Almost all COPD patients suffer periodic “exacerbations”—literally, “irritation and aggravation.” Their symptoms become markedly worse and do not respond to routine treatments. Because breathing difficulties compromise COPD patients’ defenses against infection, they are considerably more susceptible to colds and flu than their age-group peers. Bacteria and viruses most frequently cause exacerbations of COPD; but even something as apparently harmless as a deep breath of cold air may trigger an episode. Severe, relentless coughing often signals the outbreak of an episode, and respiratory therapists recommend COPD patients keep rescue inhalers and emergency oxygen on hand to relieve their symptoms and protect against complications.

Chronic Cough Often Develops with Asthma

Like COPD, asthma symptoms include both airway constriction and inflammation. Patients feel airway constriction, because it results from respiratory muscles’ contracting around airways. This constriction accounts for patients’ presenting with symptoms they describe as “choking, struggling for breath” or “the feeling of being strangled.” Patients may not feel concomitant airway swelling or inflammation. Typically, environmental toxins or allergens trigger asthmatic “attacks.” And, for asthmatics, the “common” cold requires uncommon intervention, because an untreated bacterial or viral infection easily may trigger a severe asthmatic attack. Unlike other serious respiratory complaints, however, asthma has a psychological and emotional component: Especially in children under twelve, stress, anxiety, and trauma induce the most serious asthmatic attacks, and some studies indicate that up to 90% of juvenile asthma is psychosomatic.

The Most Common Causes of Chronic Cough

As flu viruses grow more virulent and drug-resistant, their symptoms persist longer. Even after the most painful flu symptoms have passed, fever has abated and most sinus congestion has eased, post-nasal drip often continues, causing persistent cough that hangs-on for more than three weeks. In extreme cases, physicians will prescribe nasal steroid sprays in combination with strong decongestants to relieve patients’ “annoying tickle” at the backs of their throats.
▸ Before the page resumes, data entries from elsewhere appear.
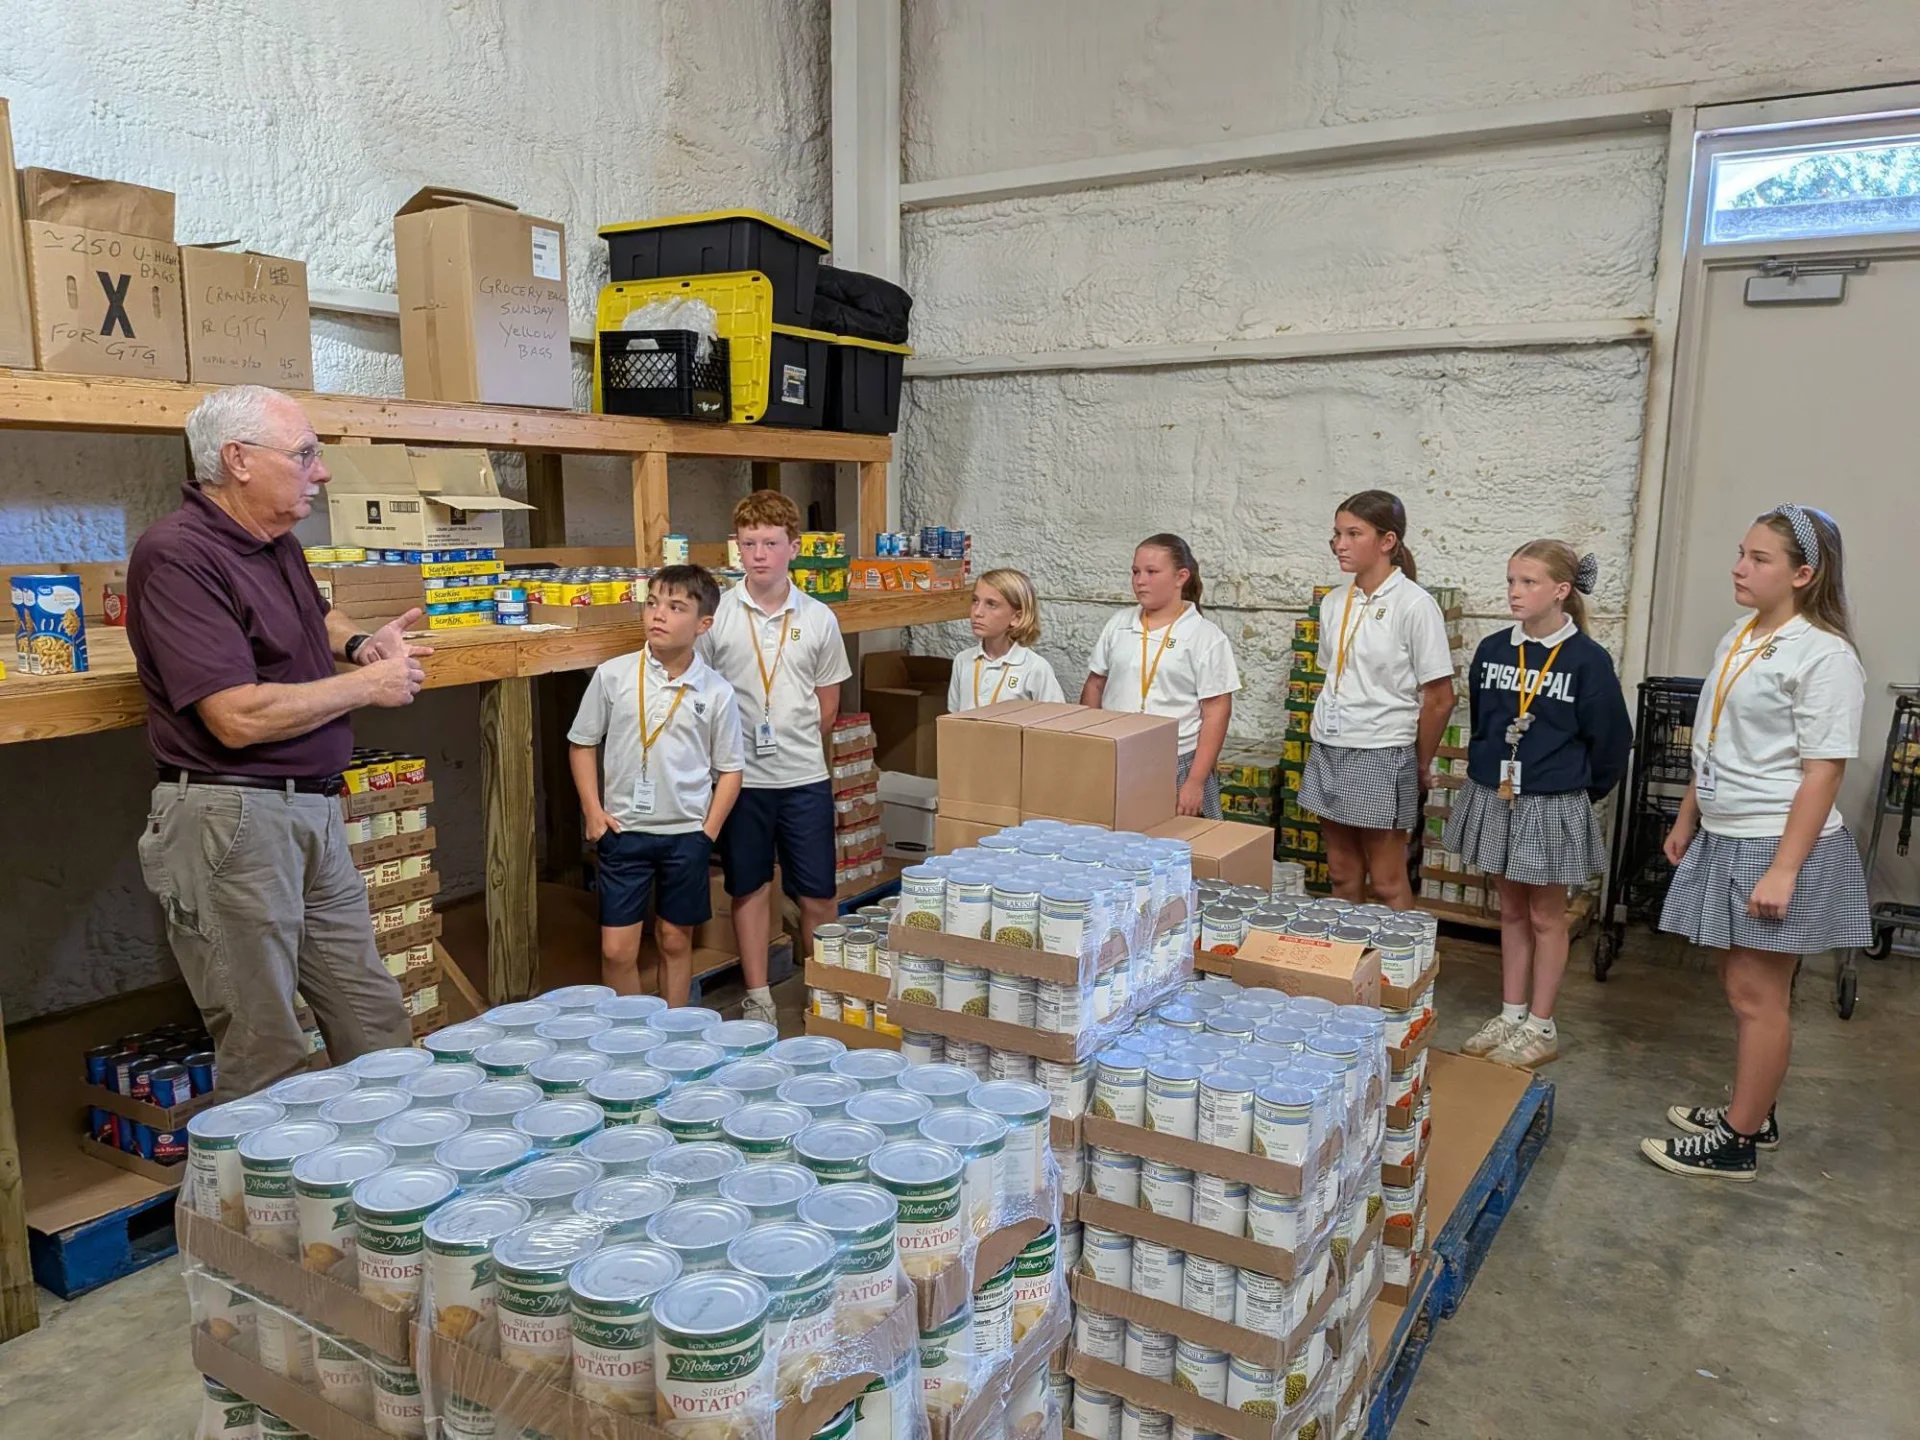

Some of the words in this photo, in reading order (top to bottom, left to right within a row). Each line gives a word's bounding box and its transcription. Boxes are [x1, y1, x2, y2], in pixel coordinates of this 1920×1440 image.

[71, 234, 122, 258] 250
[140, 263, 175, 284] BAGS
[479, 276, 543, 302] GROCERY
[205, 286, 290, 321] CRANBERRY
[500, 302, 554, 324] SUNDAY
[223, 314, 269, 350] GTG
[51, 322, 99, 345] FOR
[105, 341, 156, 366] GTG
[518, 343, 552, 360] BAGS
[279, 358, 297, 370] 45
[428, 564, 455, 573] StarKist
[434, 590, 460, 599] StarKist
[435, 615, 464, 626] StarKist
[790, 627, 802, 642] E
[382, 869, 400, 878] Red
[420, 862, 431, 871] Re
[384, 912, 404, 922] Red
[408, 952, 428, 962] Red
[247, 1177, 286, 1191] Mother's
[897, 1202, 938, 1216] Mother's
[916, 1224, 944, 1236] Sliced
[382, 1232, 422, 1250] Maid
[367, 1255, 394, 1266] Sliced
[514, 1318, 545, 1329] Sliced
[574, 1315, 612, 1339] Mother's
[688, 1342, 706, 1350] LOW
[707, 1337, 738, 1349] SODIUM
[589, 1351, 621, 1363] Sliced
[671, 1357, 729, 1376] Mother's
[700, 1382, 738, 1398] Sliced
The same applies to serious “hayfever” sufferers, for whom histamine blockers and strong nasal sprays usually bring quick and long-lasting relief.
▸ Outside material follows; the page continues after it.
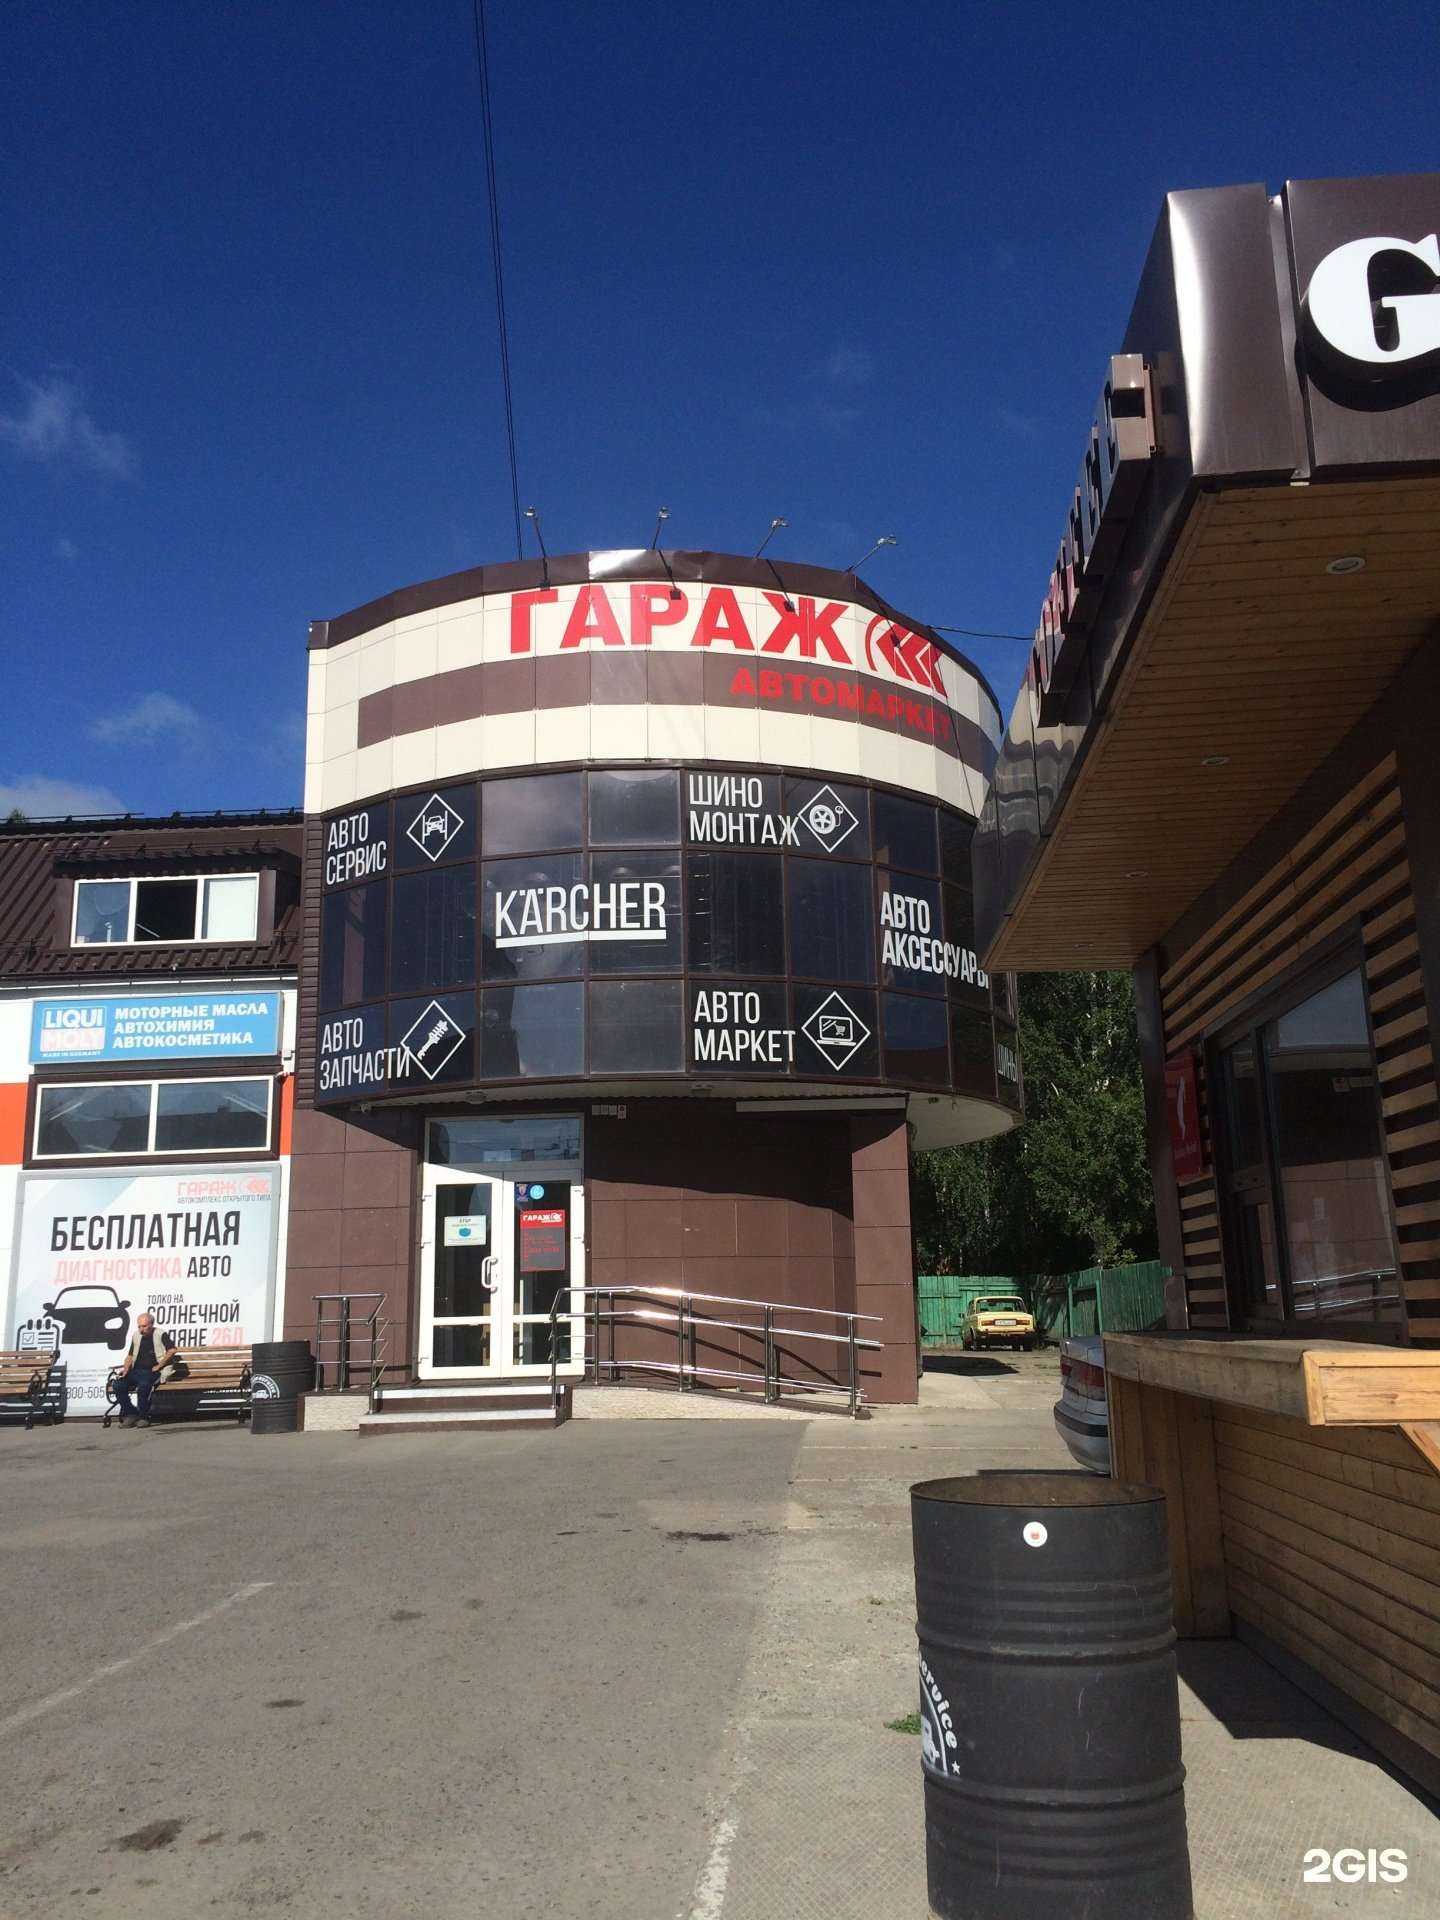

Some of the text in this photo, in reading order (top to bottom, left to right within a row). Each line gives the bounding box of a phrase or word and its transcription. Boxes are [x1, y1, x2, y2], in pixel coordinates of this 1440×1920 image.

Somewhat surprisingly, gastro-esophageal reflux disease, more commonly known simply as “acid reflux” often causes chronic cough as strong digestive acids irritate the backs of patients’ throats or get trapped by the epiglottis and trigger the cough reflex. In fact, acid reflux ranks as the third leading cause of chronic cough; and, in more than 40% of cases, patients do not complain of digestive discomfort. The chronic cough is their only symptom.
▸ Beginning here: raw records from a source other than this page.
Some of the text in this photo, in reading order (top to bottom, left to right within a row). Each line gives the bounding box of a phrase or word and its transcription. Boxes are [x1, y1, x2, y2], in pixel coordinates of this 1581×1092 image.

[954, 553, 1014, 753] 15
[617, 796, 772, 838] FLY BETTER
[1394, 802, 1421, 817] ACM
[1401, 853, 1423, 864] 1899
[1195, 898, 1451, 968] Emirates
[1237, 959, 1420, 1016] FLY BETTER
Common Treatments for Chronic Cough

Physicians naturally prefer to treat causes instead of symptoms. Therefore, when a patient presents with chronic cough, a physician almost inevitably will order a chest x-ray and a sinus x-ray or computed tomography (CT scan). If a patient complains also of breathing difficulties, a physician typically will administer a series of bronchial function tests, often including assessment of how well a patient’s respiration is oxygenating his or her blood. In most cases, physicians will prescribe medications to treat the cough’s causes rather than the cough itself, because they recognize a productive cough’s value in eliminating mucous and congestion from the patient’s lungs.

In cases where persistent cough has caused collateral damage, a physician will prescribe a cough suppressant—usually dextromethorphan, an affine of morphine but without the narcotic effects.